C3 Collaborating for Health believes that only by working together can we make it easier to be healthy.

Seminar 7: How environment influences behaviour

Denise StevensThe seventh in C3’s series of International Breakfast Seminars was given by Dr Denise Stevens on 9 June 2011, on Community Interventions for Health: an exemplar for examining how environment influences behaviour. Denise is president of MATRIX Public Health Solutions (a ‘think-and-do’ organisation that gives technical assistance to government, NGOs etc.) and a lecturer at Yale University School of Medicine’s School of Public Health. She leads the evaluation of the Community Interventions for Health (CIH: www.cih.net) programme.

  • Slides from the event are available here >> – warning: large file (6MB)
  • A full précis of the event is available here >>

Community Interventions for Health is currently one of the largest community-based NCD-prevention studies in the world, taking place in Mexico, South India and China, with both implementation and comparison sites in each country. It has been in place for 18 months, and final data collection is under way, tracking interventions are neighbourhoods, schools, workplaces and health care settings. Sample sizes are large, and address biometric measures, behaviour change, policy changes and the environment.

Key to the project is the environmental scan, drawing a 400m radius around a school, and then assessing the options within that area for exercise and play, eating, media, shopping, etc.  Capturing the data was a comprehensive and time-consuming task, as there were up to 20 schools in each site, but the resulting map of where fresh fruit and vegetables, or fast food, or parks, or tobacco were found to be available starkly demonstrates the accessibility of healthy choices.

At the start of the project, each site was provided with the same set of evidence-based practices from which they could choose interventions, but each chose a different route to implementing the ideas:

China

  • The China (Hangzhou) team worked closely with providers within the local Primary Health Care (PHC) system to implement initiatives. For example, a team of 80 people from the PHCs undertook health screenings in the local community (which reached approximately 2 million people), and PHCs were also trained in tobacco cessation. The broader, city-wide initiative is known as ‘Healthy Hangzhou’ – it is only the second city in China to be smoke-free (i.e. smoking is banned in workplaces etc.), physical activity equipment has been installed along the canal, and a new bicycle-hire scheme is in place.

Mexico

  • In Mexico, partnership with local people was emphasised from the start. A major partnership has been with the national sports authority: 400 physical activity promoters were trained about the other risk factors (and local community residents are trained to continue the projects), with Zumba dance classes being held in communities – dance is a particularly strong cultural influence in the region. Street food vendors are also a particular target of interventions.

India

  • The India CIH team in Kerala developed a partnership with the department of social welfare, focusing particularly on the ‘anganwadi’ workers (women who work in maternal and child health in poor communities), who were trained in the risk factors of diet, tobacco use and physical inactivity. This has proved a very cost-effective strategy, as their messages now reach 200,000 households.  A further important aspect of the work is shifting the cultural norms of young girls and women. For example, boys cycle but girls do not, so bike training has been organised for girls to encourage them to join in, and women’s yoga classes (which was a form of activity in which women were happy to take part) now include an aerobic component and are very popular.
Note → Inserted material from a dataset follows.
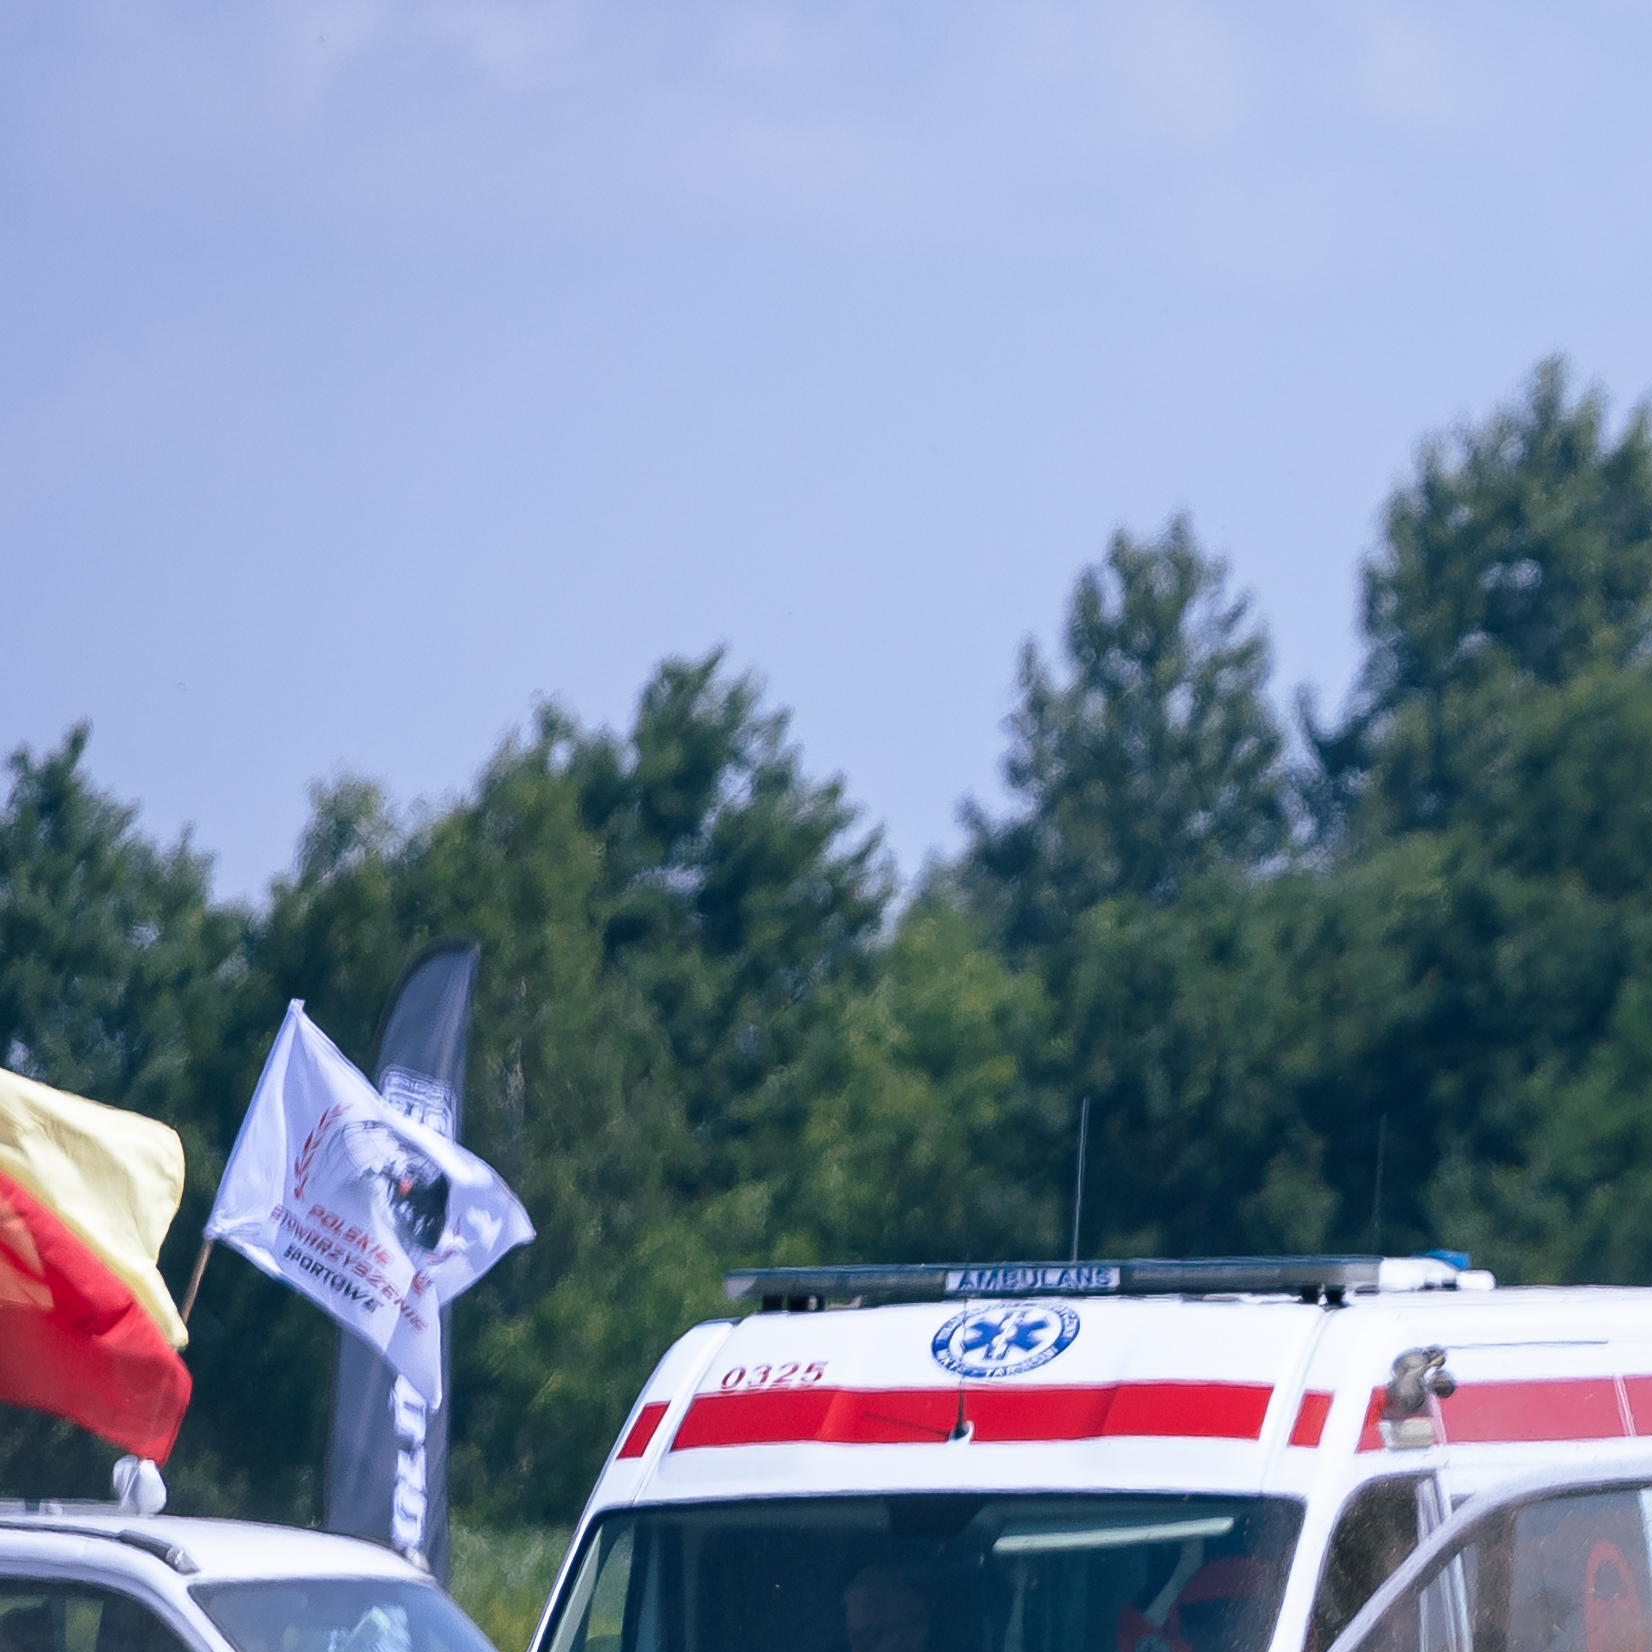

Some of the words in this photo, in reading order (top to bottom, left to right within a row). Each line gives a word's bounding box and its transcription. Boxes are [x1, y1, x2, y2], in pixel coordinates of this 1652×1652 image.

Essential lessons learned include that:

  • the importance of health education ‘cannot be overstated’;
  • policy-level changes can be very successful and sustainable;
  • there is a need to build partnerships with people on the ground.

The discussion that followed included:

  • how the momentum of the project has grown over time – a ‘ricochet effect’;
  • the importance of taking a ‘learning attitude’, and the influence this has on attitudes within local communities;
  • the role of the food, pharmaceutical, insurance and other industries (including the use of digital technology); and
  • plans for longer-term sustainability of the initiative.